A multitude of vampires poured from the forest, trampling the shattered Hayabusa as they headed for Marcus.
With no time to lose, Ami set the board she hugged on the ground, perpendicular to the bumper, then grabbed a second from the trunk. A quick survey of the clearing revealed Marcus, once more in constant motion as he had been the first time she had seen him, fending off attacks from all sides, his midnight hair now loose and floating around him like smoke. But this time he didn’t face eight vampires. Dozens converged on him, their eyes sparkling like Christmas lights, their weapons like silver tinsel.
Kneeling by the wooden strip of 31 -round clips, Ami used the car as a shield and drew her Glocks. Her left hand curled around the grip of one cool weapon. She set the other on the ground in front of her, retrieved her cell phone, and, hand shaking, speed-dialed Chris Reordon.
“Reordon,” he barked.
Several of the blurred figures circling Marcus stopped and spun in her direction.
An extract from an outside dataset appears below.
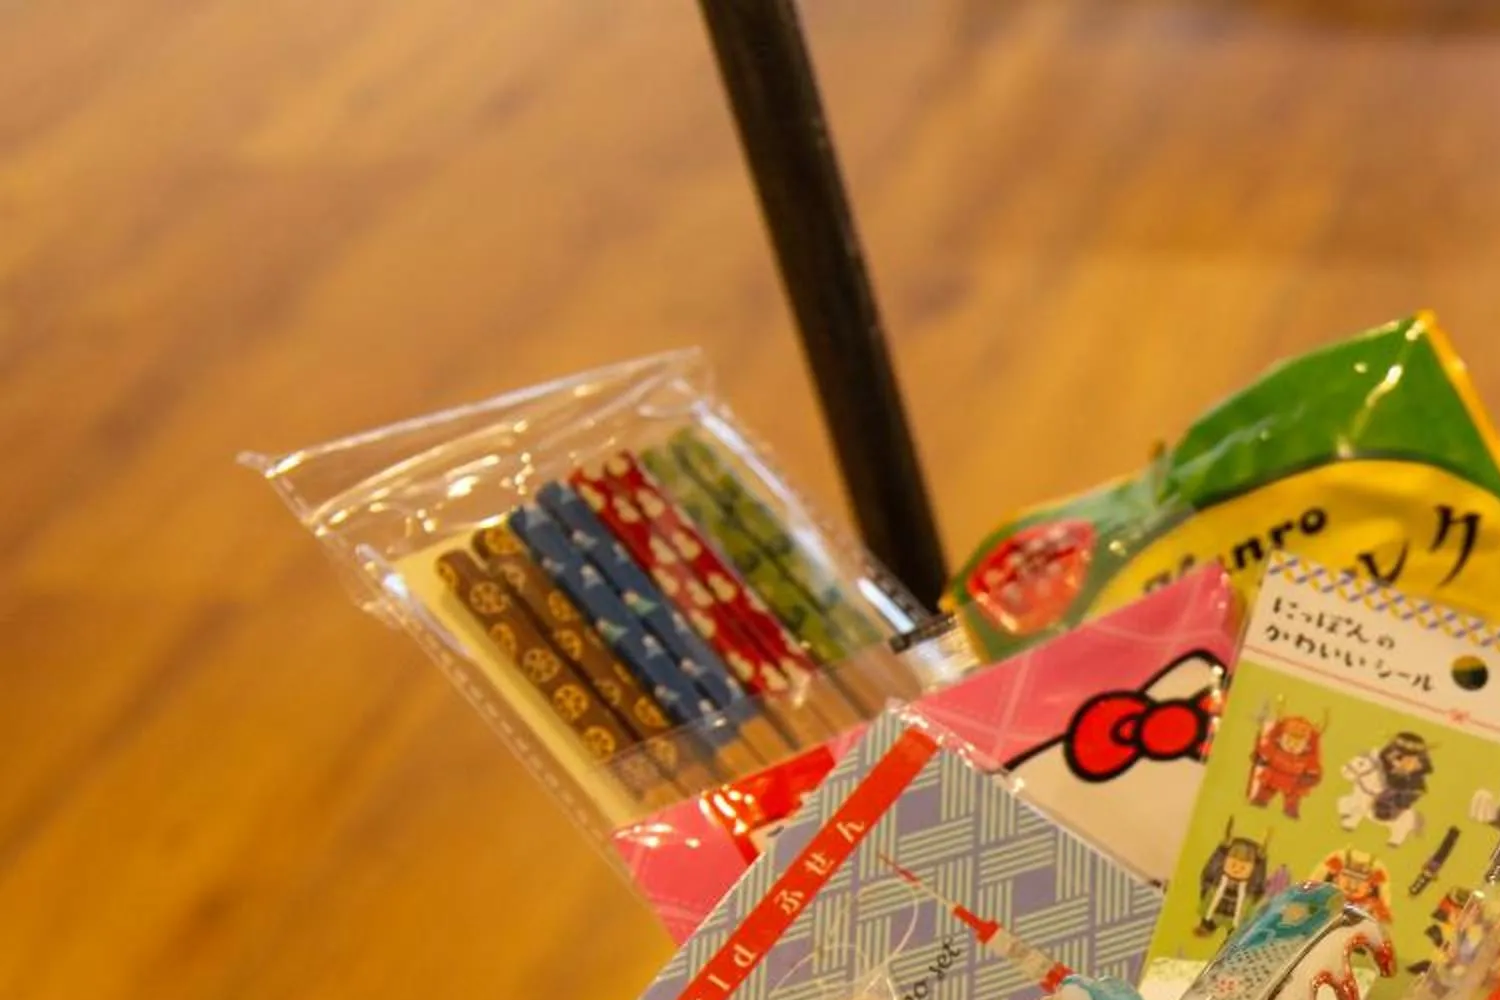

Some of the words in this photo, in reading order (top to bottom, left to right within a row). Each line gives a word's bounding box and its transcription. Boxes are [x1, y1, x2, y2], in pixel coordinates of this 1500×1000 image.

[1263, 623, 1435, 693] かわいいシール
[1272, 598, 1396, 650] にっぽんの
[774, 818, 865, 916] ふせん
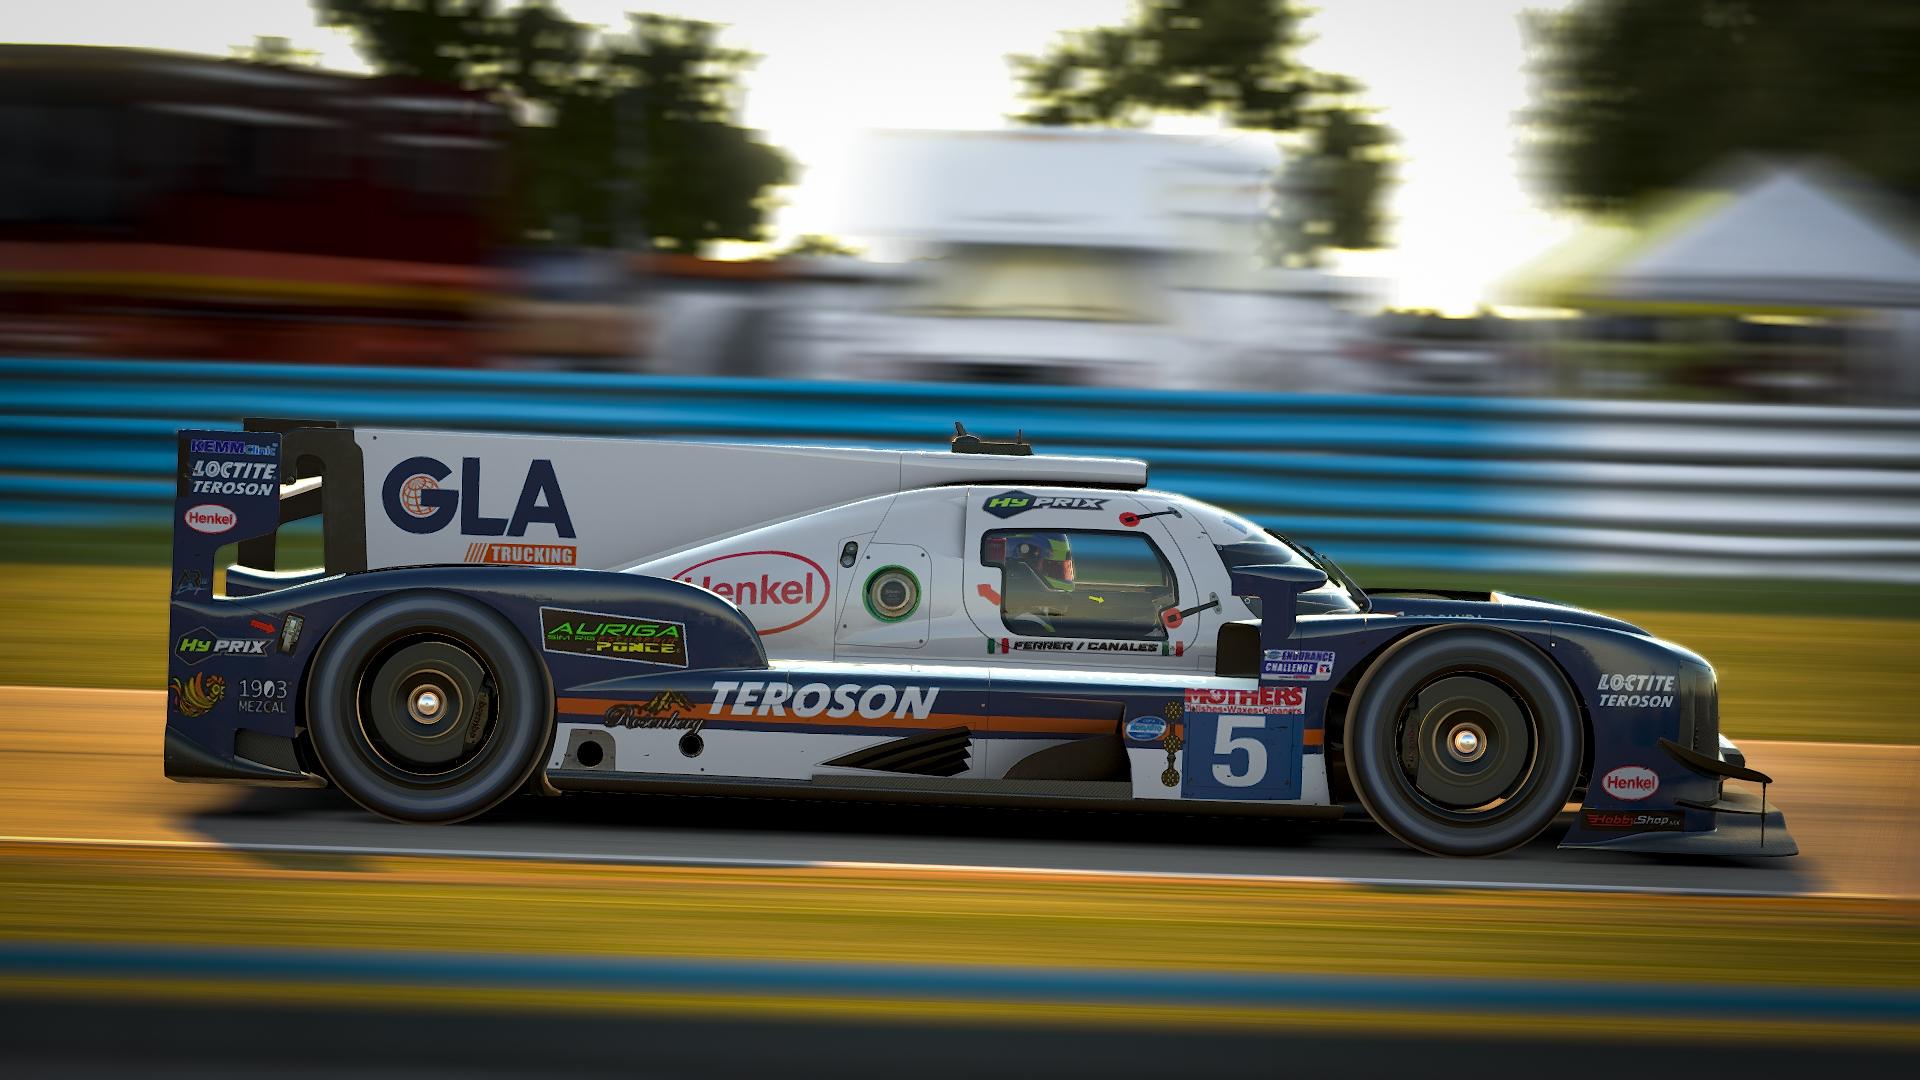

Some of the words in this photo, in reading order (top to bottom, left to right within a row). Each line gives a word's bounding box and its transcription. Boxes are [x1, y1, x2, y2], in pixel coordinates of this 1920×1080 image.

“Oh crap.” Dropping the phone, Ami began firing the Glock in her left hand even as she grabbed its twin with her right.
She had no time to aim with any precision. All she could do was spray the dark, indistinct forms as they swarmed toward her, eating up the ground between them and rippling like an ocean wave. Each time a bullet struck home, the vampire hit would stumble to a halt, his face and form swimming into focus, eyes flashing cobalt, aqua, green, or silver as he clutched the wound and bleated in pain or growled in fury, fangs bared. Unless she lucked out and hit a major artery, however, only seconds would pass before he regrouped and surged forward.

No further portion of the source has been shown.